The records below are to be duplicated exactly as they appear.

§ Provided data

******************************

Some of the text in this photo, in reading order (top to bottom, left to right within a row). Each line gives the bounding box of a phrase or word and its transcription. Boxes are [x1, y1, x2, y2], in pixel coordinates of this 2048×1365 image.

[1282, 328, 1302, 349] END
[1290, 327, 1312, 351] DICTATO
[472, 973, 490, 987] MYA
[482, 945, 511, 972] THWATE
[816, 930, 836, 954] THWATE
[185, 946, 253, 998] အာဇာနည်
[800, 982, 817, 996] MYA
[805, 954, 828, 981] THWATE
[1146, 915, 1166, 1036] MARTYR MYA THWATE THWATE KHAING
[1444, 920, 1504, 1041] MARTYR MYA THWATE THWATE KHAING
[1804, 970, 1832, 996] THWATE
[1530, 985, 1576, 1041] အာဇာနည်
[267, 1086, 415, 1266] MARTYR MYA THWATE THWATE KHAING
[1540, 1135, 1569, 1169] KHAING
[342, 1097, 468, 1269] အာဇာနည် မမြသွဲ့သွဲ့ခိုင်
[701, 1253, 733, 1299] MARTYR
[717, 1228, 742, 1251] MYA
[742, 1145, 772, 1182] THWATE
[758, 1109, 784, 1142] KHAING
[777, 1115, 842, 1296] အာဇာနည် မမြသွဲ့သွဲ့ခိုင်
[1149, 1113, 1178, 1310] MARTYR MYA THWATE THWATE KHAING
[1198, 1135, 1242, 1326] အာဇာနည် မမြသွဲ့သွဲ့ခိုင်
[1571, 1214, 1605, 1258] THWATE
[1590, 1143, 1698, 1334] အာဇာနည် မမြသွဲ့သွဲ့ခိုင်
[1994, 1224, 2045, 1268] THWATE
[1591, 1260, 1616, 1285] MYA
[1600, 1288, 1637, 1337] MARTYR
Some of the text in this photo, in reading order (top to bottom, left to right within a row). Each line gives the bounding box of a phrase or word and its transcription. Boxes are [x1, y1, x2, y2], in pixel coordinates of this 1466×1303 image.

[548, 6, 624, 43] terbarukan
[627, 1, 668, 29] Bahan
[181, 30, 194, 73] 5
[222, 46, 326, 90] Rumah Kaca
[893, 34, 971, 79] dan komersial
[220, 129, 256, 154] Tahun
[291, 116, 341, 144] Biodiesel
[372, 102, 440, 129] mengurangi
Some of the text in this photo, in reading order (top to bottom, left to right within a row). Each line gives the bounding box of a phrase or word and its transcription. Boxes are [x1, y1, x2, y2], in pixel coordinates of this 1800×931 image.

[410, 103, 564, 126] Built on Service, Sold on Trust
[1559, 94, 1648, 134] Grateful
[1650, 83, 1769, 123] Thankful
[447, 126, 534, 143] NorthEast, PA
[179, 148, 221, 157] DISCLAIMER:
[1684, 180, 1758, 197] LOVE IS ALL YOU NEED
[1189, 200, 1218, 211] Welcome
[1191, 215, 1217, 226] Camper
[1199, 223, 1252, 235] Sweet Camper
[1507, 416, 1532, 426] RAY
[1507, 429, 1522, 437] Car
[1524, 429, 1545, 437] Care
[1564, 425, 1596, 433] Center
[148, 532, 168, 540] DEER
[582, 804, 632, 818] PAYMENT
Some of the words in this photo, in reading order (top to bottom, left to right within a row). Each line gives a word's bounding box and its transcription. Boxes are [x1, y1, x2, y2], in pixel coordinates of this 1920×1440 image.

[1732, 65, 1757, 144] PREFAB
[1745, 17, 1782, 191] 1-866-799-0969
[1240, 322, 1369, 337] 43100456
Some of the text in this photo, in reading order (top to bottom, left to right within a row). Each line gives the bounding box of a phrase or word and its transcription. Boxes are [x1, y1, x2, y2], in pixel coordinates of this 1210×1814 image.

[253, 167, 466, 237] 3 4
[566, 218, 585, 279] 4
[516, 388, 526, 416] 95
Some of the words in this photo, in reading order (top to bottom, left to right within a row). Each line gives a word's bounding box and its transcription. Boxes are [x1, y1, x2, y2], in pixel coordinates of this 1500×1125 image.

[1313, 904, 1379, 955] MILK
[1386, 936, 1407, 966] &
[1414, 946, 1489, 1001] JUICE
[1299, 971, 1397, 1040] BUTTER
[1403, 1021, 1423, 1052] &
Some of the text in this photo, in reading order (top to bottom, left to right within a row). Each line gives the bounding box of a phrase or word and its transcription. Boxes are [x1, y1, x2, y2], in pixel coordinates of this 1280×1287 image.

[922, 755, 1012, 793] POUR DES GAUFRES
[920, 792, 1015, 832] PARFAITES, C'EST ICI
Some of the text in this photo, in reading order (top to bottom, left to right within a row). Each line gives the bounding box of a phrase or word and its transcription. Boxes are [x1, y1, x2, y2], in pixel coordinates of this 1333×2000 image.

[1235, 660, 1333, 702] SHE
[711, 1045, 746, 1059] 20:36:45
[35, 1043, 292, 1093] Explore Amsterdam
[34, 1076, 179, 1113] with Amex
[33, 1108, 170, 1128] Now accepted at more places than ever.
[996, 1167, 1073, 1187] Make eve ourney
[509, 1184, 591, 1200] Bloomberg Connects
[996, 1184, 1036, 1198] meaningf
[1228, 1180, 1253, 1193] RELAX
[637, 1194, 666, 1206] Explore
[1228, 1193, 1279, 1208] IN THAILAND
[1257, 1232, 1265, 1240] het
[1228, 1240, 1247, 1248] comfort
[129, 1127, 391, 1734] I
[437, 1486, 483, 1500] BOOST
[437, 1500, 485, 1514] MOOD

******************************

§ Output below
Some of the text in this photo, in reading order (top to bottom, left to right within a row). Each line gives the bounding box of a phrase or word and its transcription. Boxes are [x1, y1, x2, y2], in pixel coordinates of this 2048×1365 image.

[1282, 328, 1302, 349] END
[1290, 327, 1312, 351] DICTATO
[472, 973, 490, 987] MYA
[482, 945, 511, 972] THWATE
[816, 930, 836, 954] THWATE
[185, 946, 253, 998] အာဇာနည်
[800, 982, 817, 996] MYA
[805, 954, 828, 981] THWATE
[1146, 915, 1166, 1036] MARTYR MYA THWATE THWATE KHAING
[1444, 920, 1504, 1041] MARTYR MYA THWATE THWATE KHAING
[1804, 970, 1832, 996] THWATE
[1530, 985, 1576, 1041] အာဇာနည်
[267, 1086, 415, 1266] MARTYR MYA THWATE THWATE KHAING
[1540, 1135, 1569, 1169] KHAING
[342, 1097, 468, 1269] အာဇာနည် မမြသွဲ့သွဲ့ခိုင်
[701, 1253, 733, 1299] MARTYR
[717, 1228, 742, 1251] MYA
[742, 1145, 772, 1182] THWATE
[758, 1109, 784, 1142] KHAING
[777, 1115, 842, 1296] အာဇာနည် မမြသွဲ့သွဲ့ခိုင်
[1149, 1113, 1178, 1310] MARTYR MYA THWATE THWATE KHAING
[1198, 1135, 1242, 1326] အာဇာနည် မမြသွဲ့သွဲ့ခိုင်
[1571, 1214, 1605, 1258] THWATE
[1590, 1143, 1698, 1334] အာဇာနည် မမြသွဲ့သွဲ့ခိုင်
[1994, 1224, 2045, 1268] THWATE
[1591, 1260, 1616, 1285] MYA
[1600, 1288, 1637, 1337] MARTYR
Some of the text in this photo, in reading order (top to bottom, left to right within a row). Each line gives the bounding box of a phrase or word and its transcription. Boxes are [x1, y1, x2, y2], in pixel coordinates of this 1466×1303 image.

[548, 6, 624, 43] terbarukan
[627, 1, 668, 29] Bahan
[181, 30, 194, 73] 5
[222, 46, 326, 90] Rumah Kaca
[893, 34, 971, 79] dan komersial
[220, 129, 256, 154] Tahun
[291, 116, 341, 144] Biodiesel
[372, 102, 440, 129] mengurangi
Some of the text in this photo, in reading order (top to bottom, left to right within a row). Each line gives the bounding box of a phrase or word and its transcription. Boxes are [x1, y1, x2, y2], in pixel coordinates of this 1800×931 image.

[410, 103, 564, 126] Built on Service, Sold on Trust
[1559, 94, 1648, 134] Grateful
[1650, 83, 1769, 123] Thankful
[447, 126, 534, 143] NorthEast, PA
[179, 148, 221, 157] DISCLAIMER:
[1684, 180, 1758, 197] LOVE IS ALL YOU NEED
[1189, 200, 1218, 211] Welcome
[1191, 215, 1217, 226] Camper
[1199, 223, 1252, 235] Sweet Camper
[1507, 416, 1532, 426] RAY
[1507, 429, 1522, 437] Car
[1524, 429, 1545, 437] Care
[1564, 425, 1596, 433] Center
[148, 532, 168, 540] DEER
[582, 804, 632, 818] PAYMENT
Some of the words in this photo, in reading order (top to bottom, left to right within a row). Each line gives a word's bounding box and its transcription. Boxes are [x1, y1, x2, y2], in pixel coordinates of this 1920×1440 image.

[1732, 65, 1757, 144] PREFAB
[1745, 17, 1782, 191] 1-866-799-0969
[1240, 322, 1369, 337] 43100456
Some of the text in this photo, in reading order (top to bottom, left to right within a row). Each line gives the bounding box of a phrase or word and its transcription. Boxes are [x1, y1, x2, y2], in pixel coordinates of this 1210×1814 image.

[253, 167, 466, 237] 3 4
[566, 218, 585, 279] 4
[516, 388, 526, 416] 95
Some of the words in this photo, in reading order (top to bottom, left to right within a row). Each line gives a word's bounding box and its transcription. Boxes are [x1, y1, x2, y2], in pixel coordinates of this 1500×1125 image.

[1313, 904, 1379, 955] MILK
[1386, 936, 1407, 966] &
[1414, 946, 1489, 1001] JUICE
[1299, 971, 1397, 1040] BUTTER
[1403, 1021, 1423, 1052] &
Some of the text in this photo, in reading order (top to bottom, left to right within a row). Each line gives the bounding box of a phrase or word and its transcription. Boxes are [x1, y1, x2, y2], in pixel coordinates of this 1280×1287 image.

[922, 755, 1012, 793] POUR DES GAUFRES
[920, 792, 1015, 832] PARFAITES, C'EST ICI
Some of the text in this photo, in reading order (top to bottom, left to right within a row). Each line gives the bounding box of a phrase or word and its transcription. Boxes are [x1, y1, x2, y2], in pixel coordinates of this 1333×2000 image.

[1235, 660, 1333, 702] SHE
[711, 1045, 746, 1059] 20:36:45
[35, 1043, 292, 1093] Explore Amsterdam
[34, 1076, 179, 1113] with Amex
[33, 1108, 170, 1128] Now accepted at more places than ever.
[996, 1167, 1073, 1187] Make eve ourney
[509, 1184, 591, 1200] Bloomberg Connects
[996, 1184, 1036, 1198] meaningf
[1228, 1180, 1253, 1193] RELAX
[637, 1194, 666, 1206] Explore
[1228, 1193, 1279, 1208] IN THAILAND
[1257, 1232, 1265, 1240] het
[1228, 1240, 1247, 1248] comfort
[129, 1127, 391, 1734] I
[437, 1486, 483, 1500] BOOST
[437, 1500, 485, 1514] MOOD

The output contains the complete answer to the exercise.